For the equilibrium case, the M-SVT method gives identical results as the Fig. 4.12 from [Wünsch, 2011]. And the results are also consistent with the results from plot_HNC_multicomponent.py.

For non-equilibrium case, the M-SVT result is slightly different from [Bredow et al., 2013].

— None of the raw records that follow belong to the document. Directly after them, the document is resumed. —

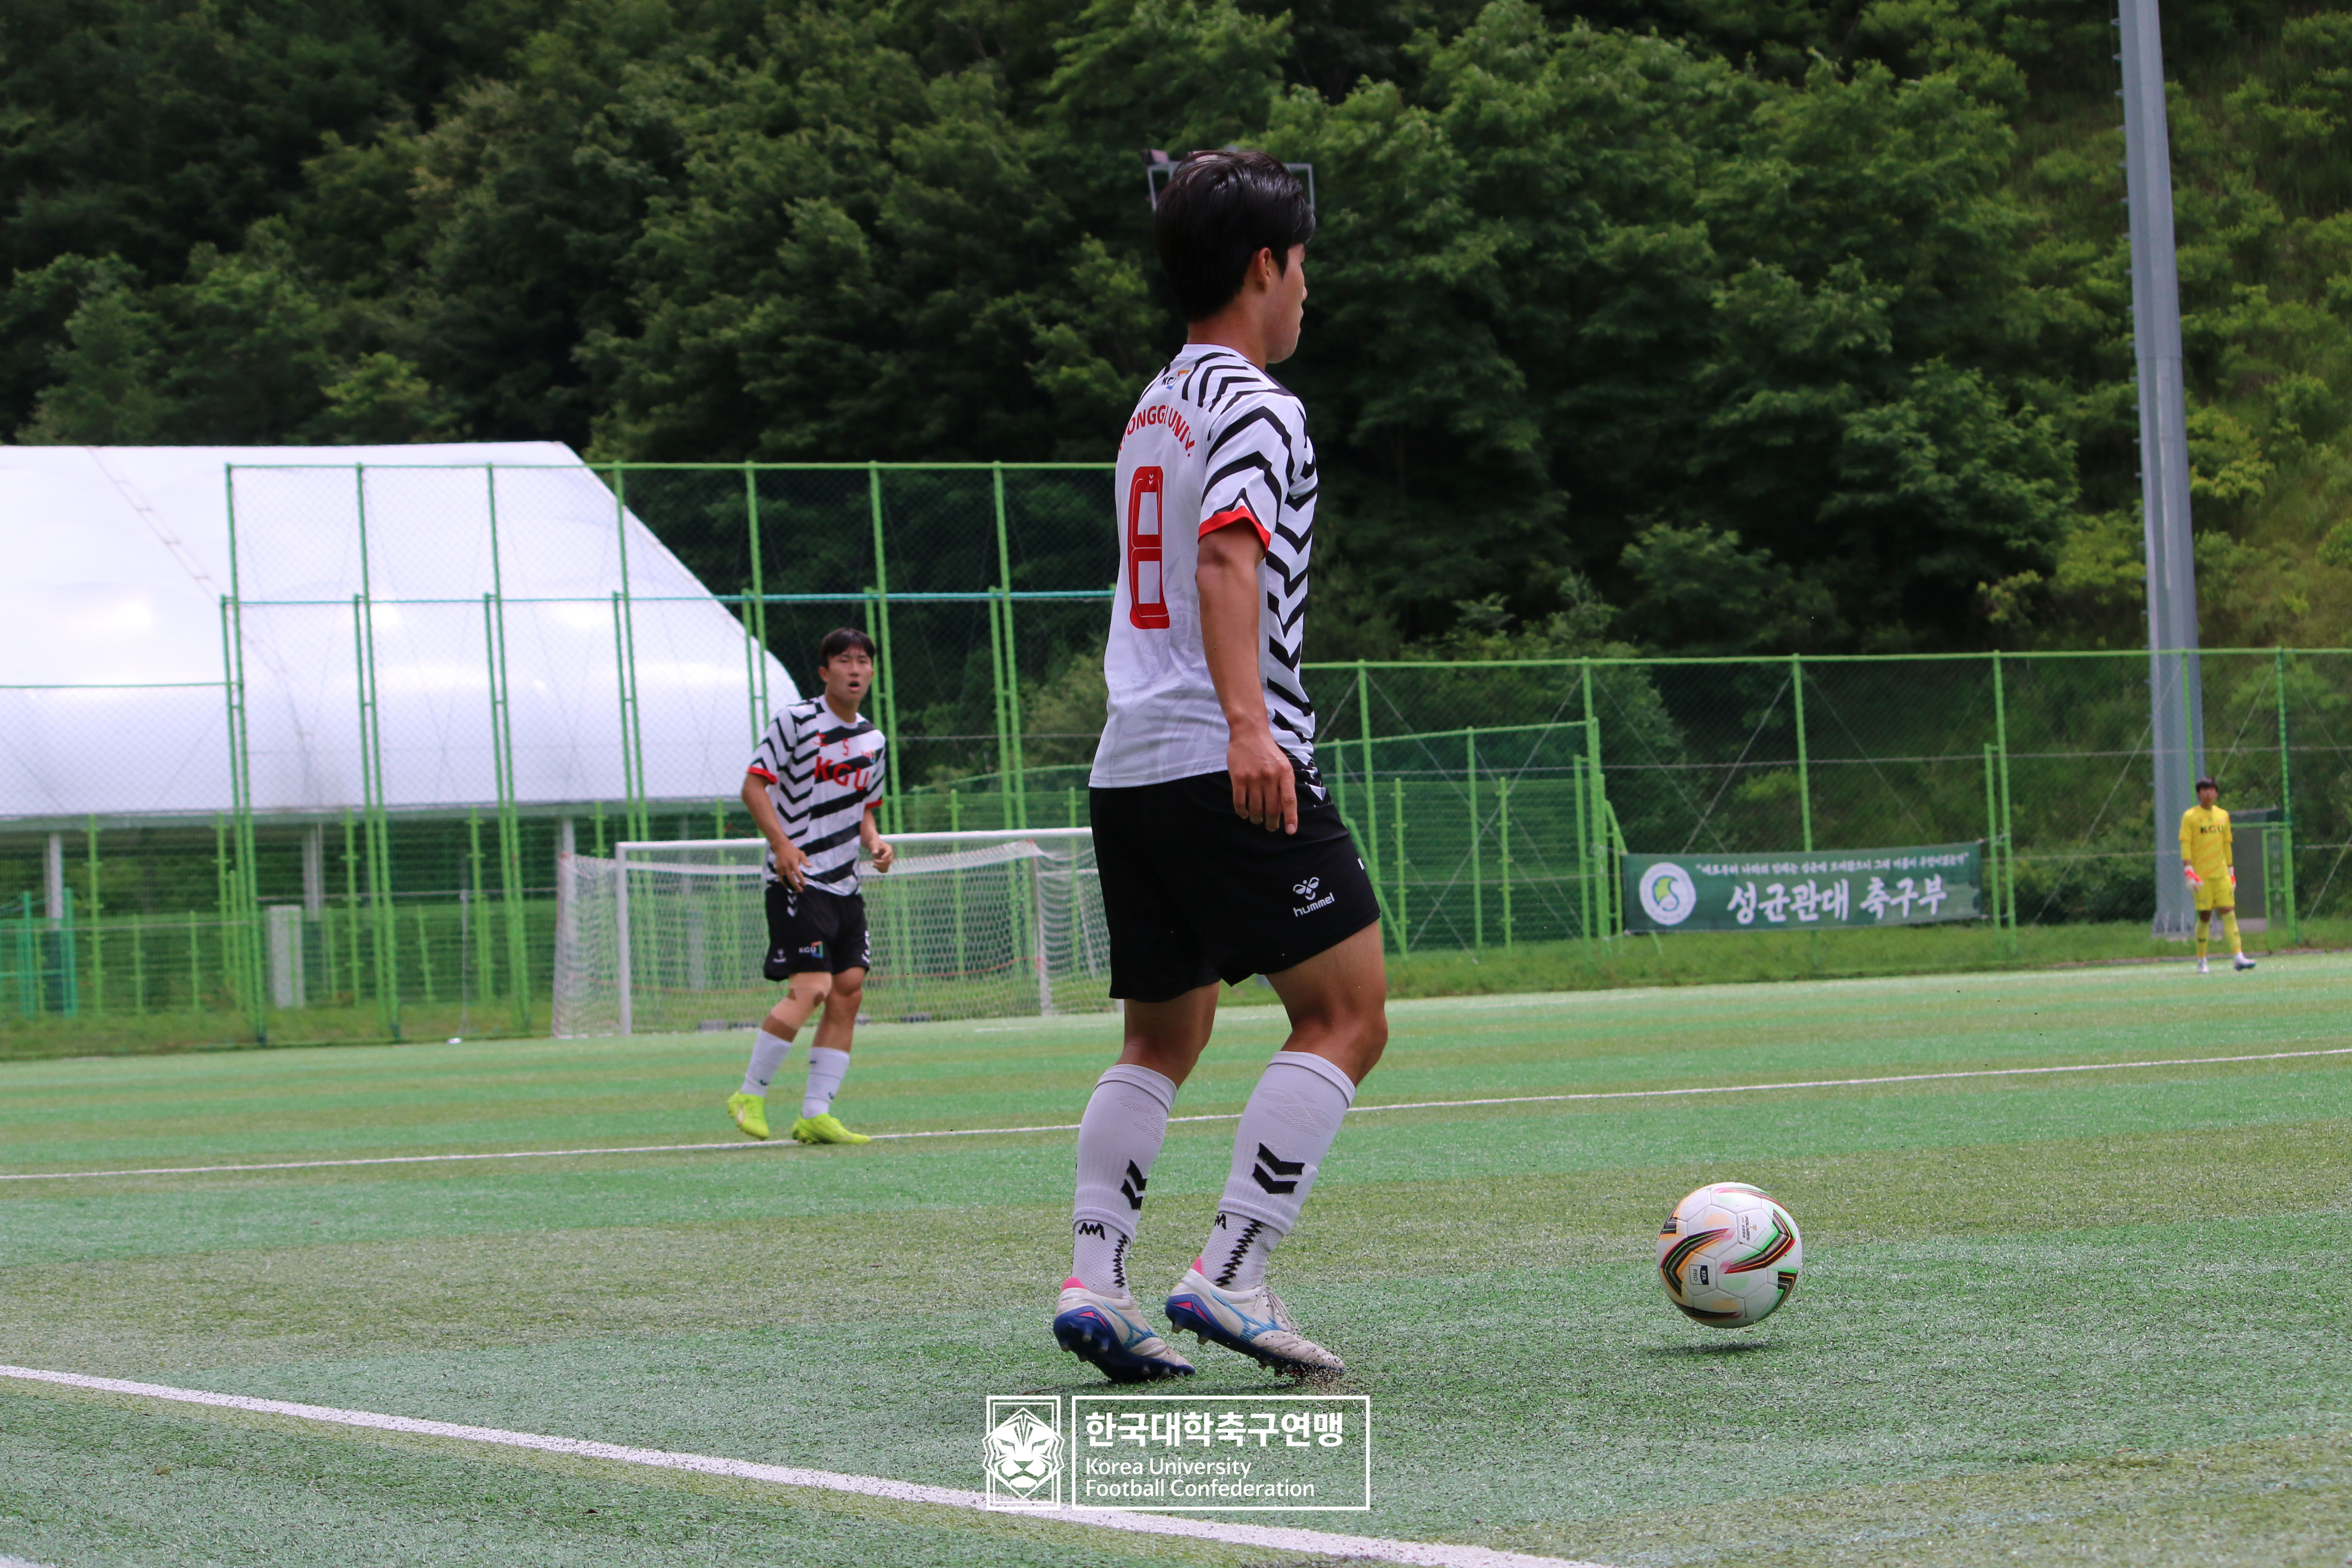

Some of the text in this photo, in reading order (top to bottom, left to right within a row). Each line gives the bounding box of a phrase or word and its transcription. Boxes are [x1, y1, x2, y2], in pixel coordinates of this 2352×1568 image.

[1168, 408, 1195, 457] UNIV.
[1127, 466, 1170, 629] 8
[814, 756, 870, 791] KGU
[2200, 825, 2223, 833] KGU
[1293, 892, 1335, 917] hummel
[1727, 878, 1850, 925] 성균관대
[1860, 873, 1948, 920] 축구부
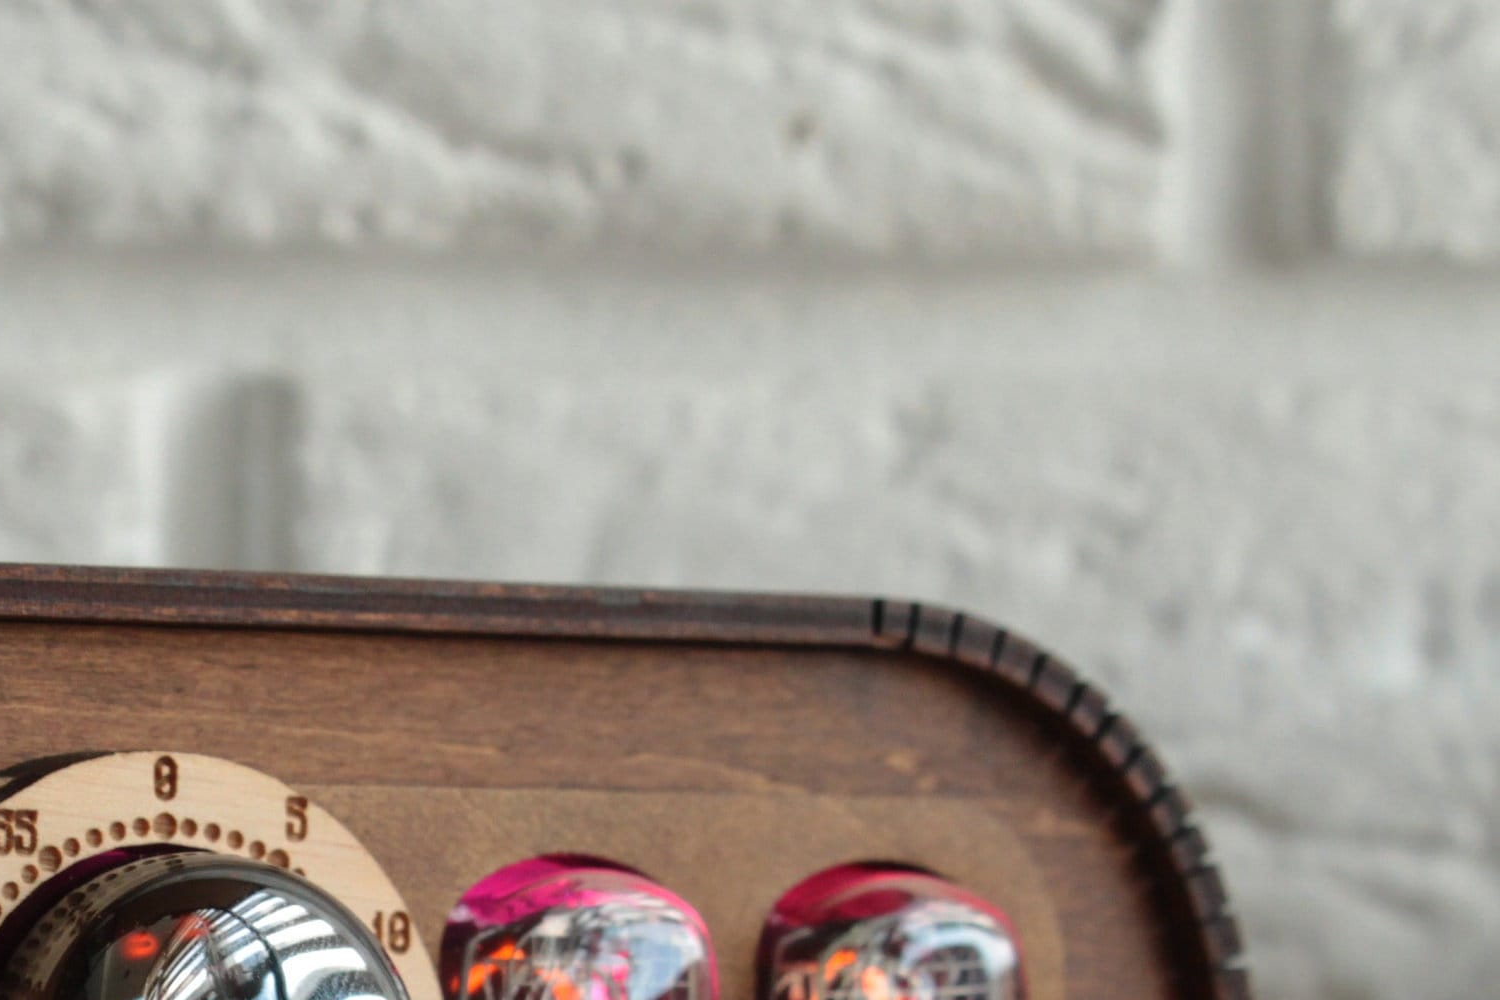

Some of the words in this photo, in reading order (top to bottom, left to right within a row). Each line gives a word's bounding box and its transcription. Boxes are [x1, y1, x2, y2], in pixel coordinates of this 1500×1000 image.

[153, 755, 178, 799] 0
[284, 796, 308, 840] 5
[372, 910, 411, 953] 10
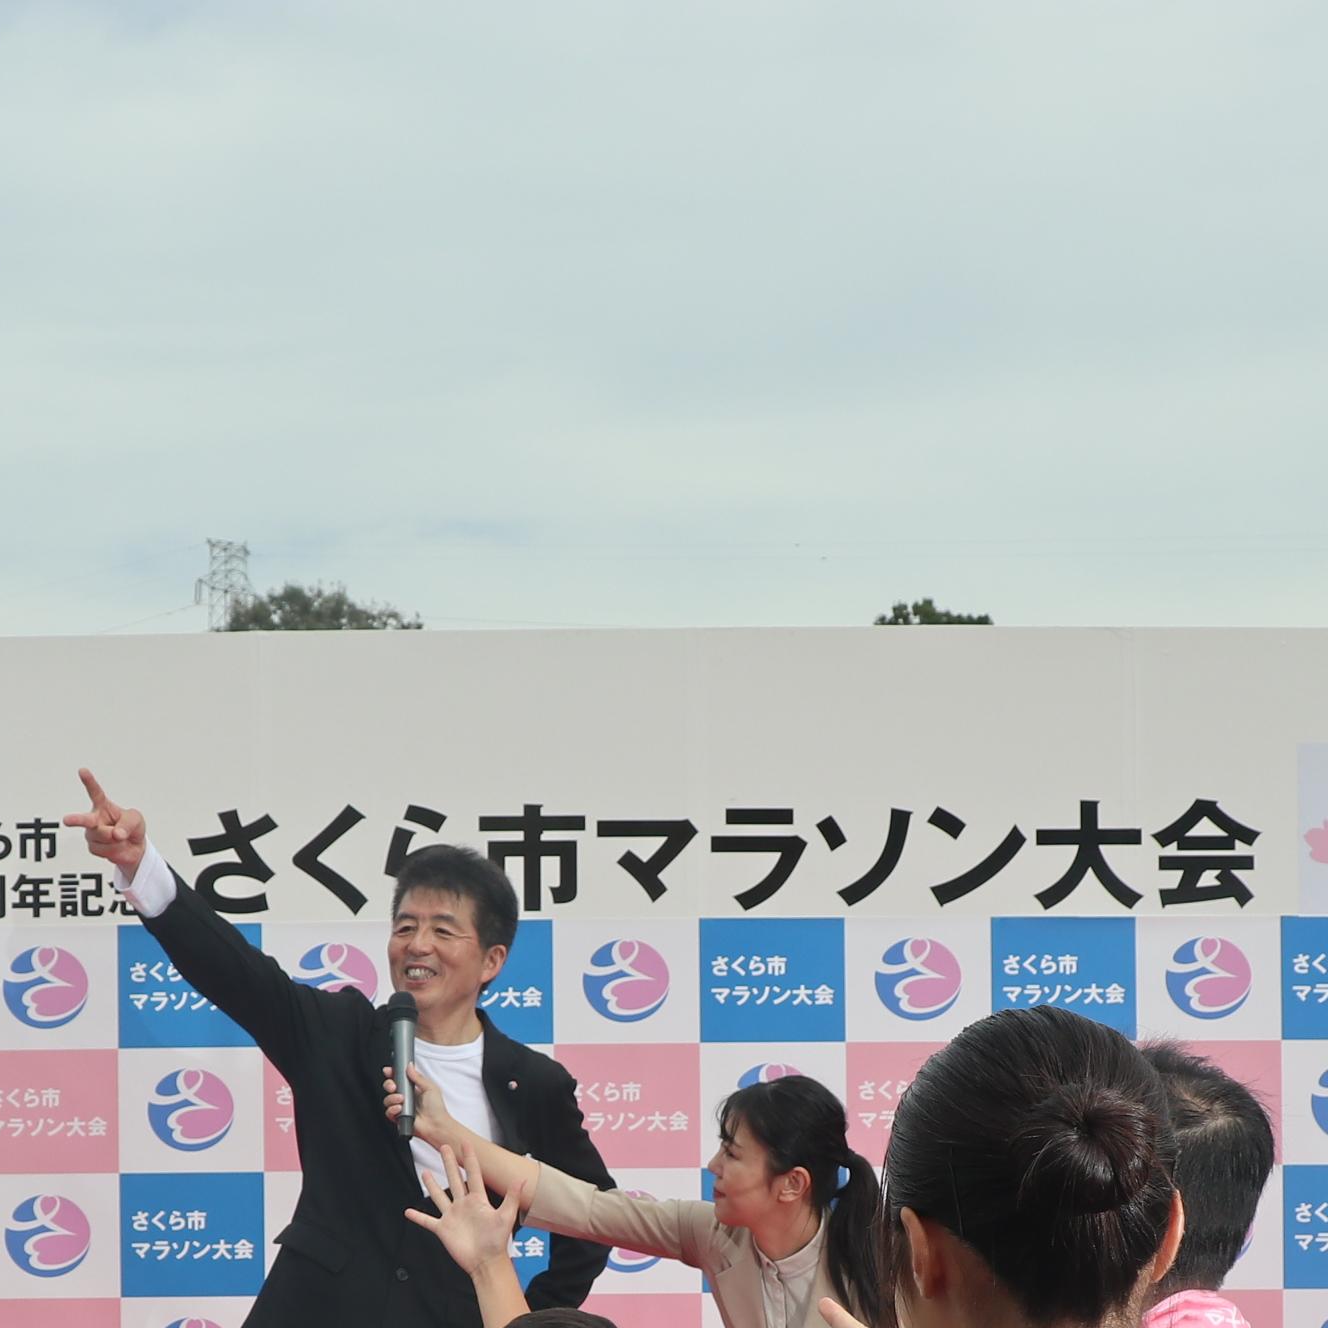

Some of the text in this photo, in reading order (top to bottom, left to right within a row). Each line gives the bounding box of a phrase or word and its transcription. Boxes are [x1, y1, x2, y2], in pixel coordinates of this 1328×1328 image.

[711, 956, 786, 976] さくら市
[1003, 955, 1077, 975] さくら市
[129, 991, 217, 1011] マラソン
[711, 985, 834, 1005] マラソン大会
[1003, 984, 1125, 1004] マラソン大会
[587, 1110, 689, 1131] ラソン大会
[132, 1210, 206, 1231] さくら市
[132, 1239, 254, 1260] マラソン大会
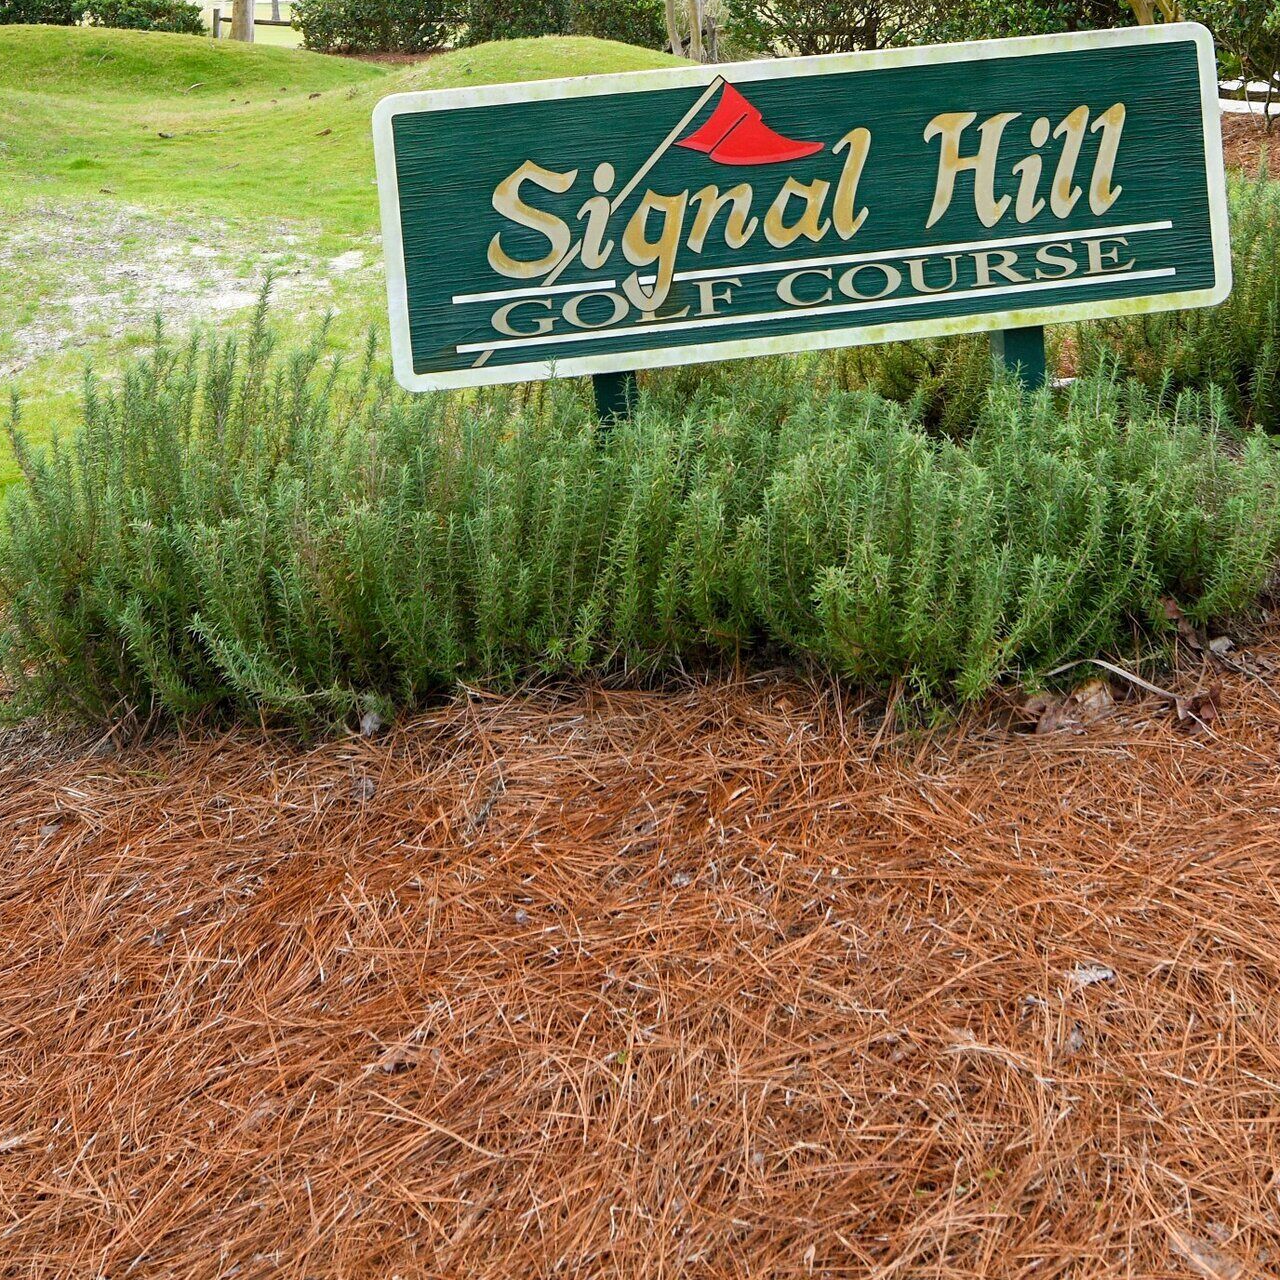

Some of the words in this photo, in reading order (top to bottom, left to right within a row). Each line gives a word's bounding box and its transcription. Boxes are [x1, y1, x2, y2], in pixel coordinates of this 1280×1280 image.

[487, 127, 872, 312] Signal
[924, 102, 1127, 230] Hill
[491, 277, 742, 337] GOLF
[777, 236, 1137, 307] COURSE

  • MSVT reproduce wunsch.2011 (Fig. 4.12)
  • MSVT reproduce Bredow et al. 2013 (Fig. 4b)
from pathlib import Path

import jax.numpy as jnp
import jpu.numpy as jnpu

# import scienceplots  # noqa: F401
import matplotlib.pyplot as plt
import numpy as onp

import jaxrts
from jaxrts import hypernetted_chain as hnc

# plt.style.use("science")
ureg = jaxrts.ureg

# ======================================================================
#                   reproduce wunsch 2011 (Fig. 4.12)
# =====================================================================

# Set up the ionization, density and temperature for individual ion
# species.

state = jaxrts.PlasmaState(
    ions=[jaxrts.Element("H"), jaxrts.Element("C")],
    Z_free=[1, 4],
    mass_density=[
        2.5e23 / ureg.centimeter**3 * jaxrts.Element("H").atomic_mass,
        2.5e23 / ureg.centimeter**3 * jaxrts.Element("C").atomic_mass,
    ],
    T_e=2e4 * ureg.kelvin,
    T_i=jnp.array([2e4, 2e4]) * ureg.kelvin,
)

pot = 12
r = jnpu.linspace(0.01 * ureg.angstrom, 200 * ureg.a0, 2**pot)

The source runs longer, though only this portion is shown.